• Coelho Silva e Centeno Advogados

Como funciona o Investimento Anjo?

Com o sancionamento da Lei Complementar nº 182/21, as startups passaram a poder receber investimento de pessoas físicas ou jurídicas sem que estas participem do seu capital social.


Esta modalidade de investimento é chamada de Investimento Anjo, onde o investidor-anjo faz investimentos com seu próprio capital em empresas nascentes com um alto potencial de crescimento, como as startups, fornecendo não somente recurso financeiro, mas também intelectual, apoiando o empreendedor com sua experiência, conhecimento e rede de relacionamentos. Em razão disso, ficou conhecido como Smart-Money.


Este tipo de investimento é muito vantajoso para o empreendedor, uma vez que não é considerado participação societária, garantindo a ele que o controle societário da startup continue em suas mãos. O investidor-anjo não tem direito a interferir na condução da empresa.

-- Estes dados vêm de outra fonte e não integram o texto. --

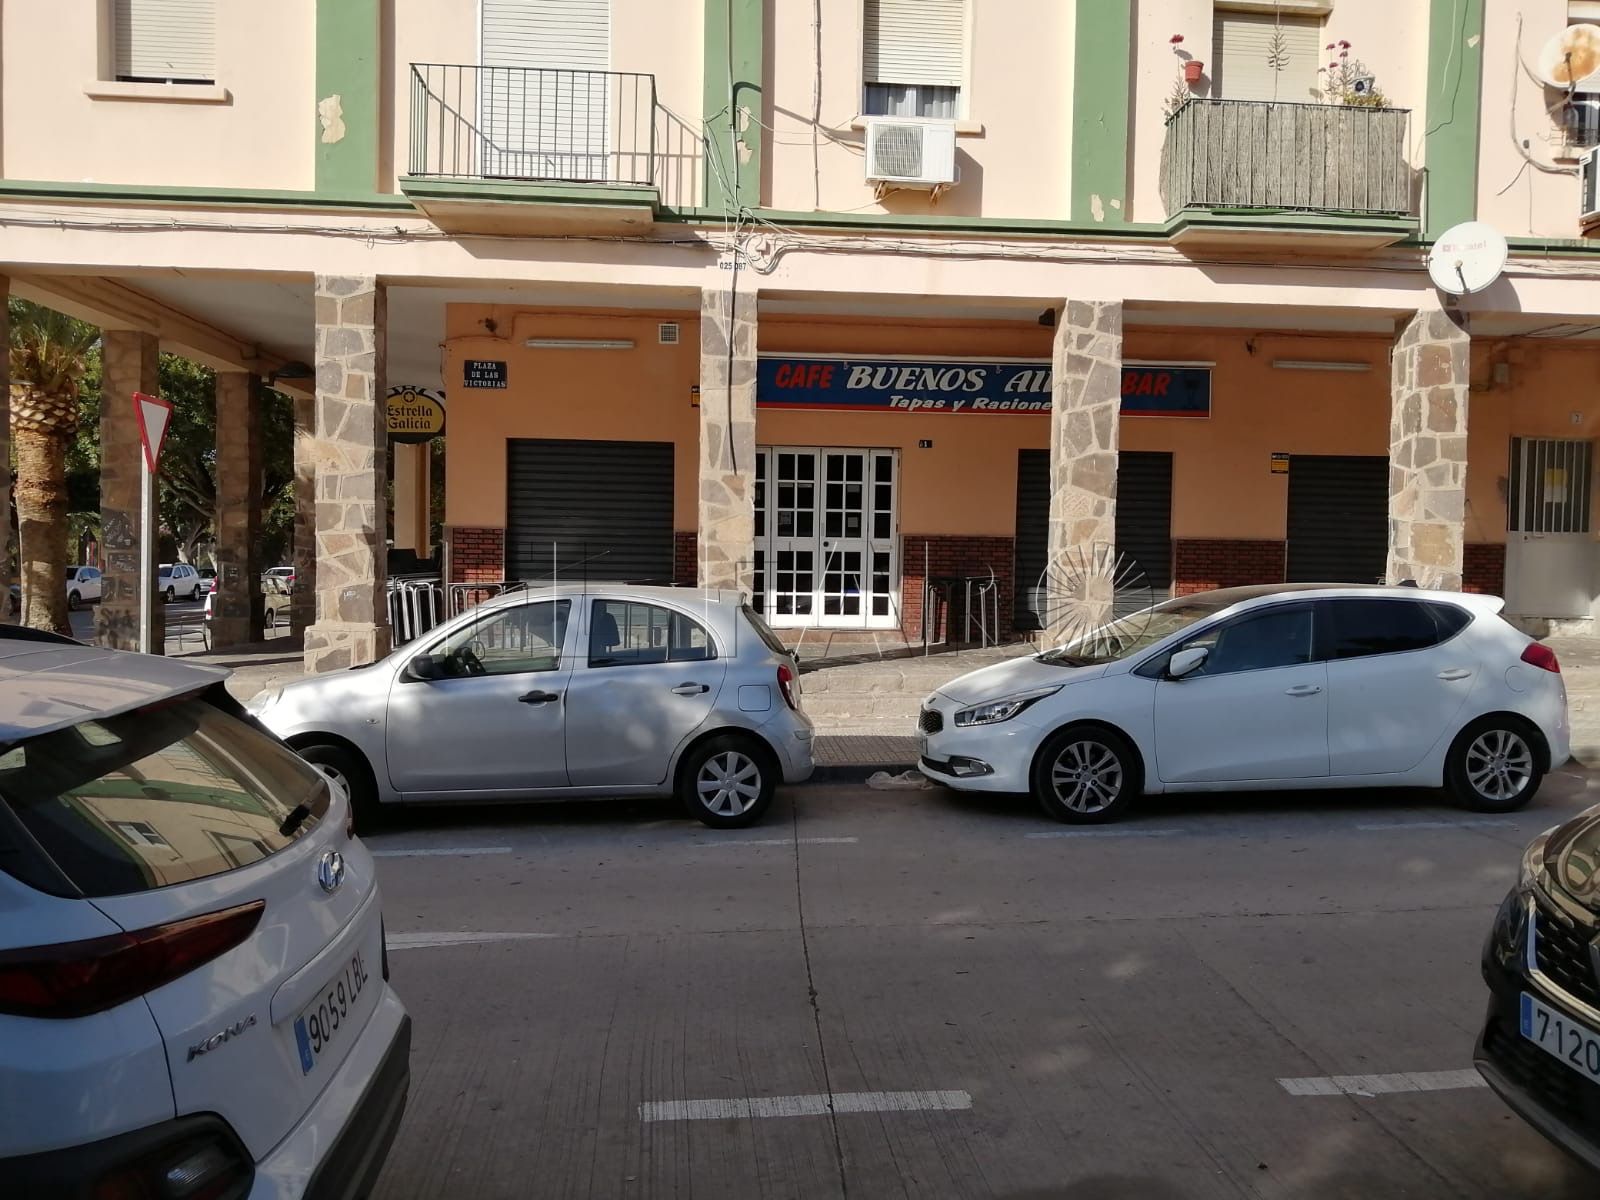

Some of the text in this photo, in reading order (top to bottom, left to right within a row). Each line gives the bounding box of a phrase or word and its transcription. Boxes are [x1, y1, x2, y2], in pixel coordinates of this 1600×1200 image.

Desta forma, com o objetivo de proteger o investidor-anjo e, assim, estimular os investimentos nas startups, a legislação determinou que este investidor não responde por nenhuma dívida da startup, exceto em casos de conduta dolosa, ilícita ou de má-fé por parte do investidor. Também não podem ser aplicadas a ele as hipóteses de desconsideração da pessoa jurídica.


Em síntese, o objetivo do investidor-anjo é multiplicar o valor investido em negócios com alto potencial de retorno, provocando também grande impacto positivo para a sociedade através da geração de oportunidades de trabalho e de renda.